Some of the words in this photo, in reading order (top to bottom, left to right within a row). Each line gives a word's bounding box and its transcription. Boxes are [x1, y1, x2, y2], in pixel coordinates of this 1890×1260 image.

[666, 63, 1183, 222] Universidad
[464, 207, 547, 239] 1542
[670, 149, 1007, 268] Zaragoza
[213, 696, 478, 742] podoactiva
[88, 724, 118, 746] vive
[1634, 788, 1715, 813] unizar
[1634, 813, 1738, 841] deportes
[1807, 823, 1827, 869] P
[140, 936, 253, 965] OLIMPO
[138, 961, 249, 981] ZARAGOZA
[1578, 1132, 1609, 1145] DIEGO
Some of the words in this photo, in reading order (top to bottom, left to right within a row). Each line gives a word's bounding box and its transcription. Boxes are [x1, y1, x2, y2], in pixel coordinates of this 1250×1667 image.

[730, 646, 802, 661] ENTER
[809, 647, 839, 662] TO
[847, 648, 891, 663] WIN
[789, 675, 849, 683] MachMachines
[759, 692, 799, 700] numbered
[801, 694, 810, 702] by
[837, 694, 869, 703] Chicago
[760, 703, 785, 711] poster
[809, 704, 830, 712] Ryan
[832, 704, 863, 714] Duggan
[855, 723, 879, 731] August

# Problem statement
Reply with the complete records, restated exactly.

# Written solution
Some of the words in this photo, in reading order (top to bottom, left to right within a row). Each line gives a word's bounding box and its transcription. Boxes are [x1, y1, x2, y2], in pixel coordinates of this 1890×1260 image.

[666, 63, 1183, 222] Universidad
[464, 207, 547, 239] 1542
[670, 149, 1007, 268] Zaragoza
[213, 696, 478, 742] podoactiva
[88, 724, 118, 746] vive
[1634, 788, 1715, 813] unizar
[1634, 813, 1738, 841] deportes
[1807, 823, 1827, 869] P
[140, 936, 253, 965] OLIMPO
[138, 961, 249, 981] ZARAGOZA
[1578, 1132, 1609, 1145] DIEGO
Some of the words in this photo, in reading order (top to bottom, left to right within a row). Each line gives a word's bounding box and its transcription. Boxes are [x1, y1, x2, y2], in pixel coordinates of this 1250×1667 image.

[730, 646, 802, 661] ENTER
[809, 647, 839, 662] TO
[847, 648, 891, 663] WIN
[789, 675, 849, 683] MachMachines
[759, 692, 799, 700] numbered
[801, 694, 810, 702] by
[837, 694, 869, 703] Chicago
[760, 703, 785, 711] poster
[809, 704, 830, 712] Ryan
[832, 704, 863, 714] Duggan
[855, 723, 879, 731] August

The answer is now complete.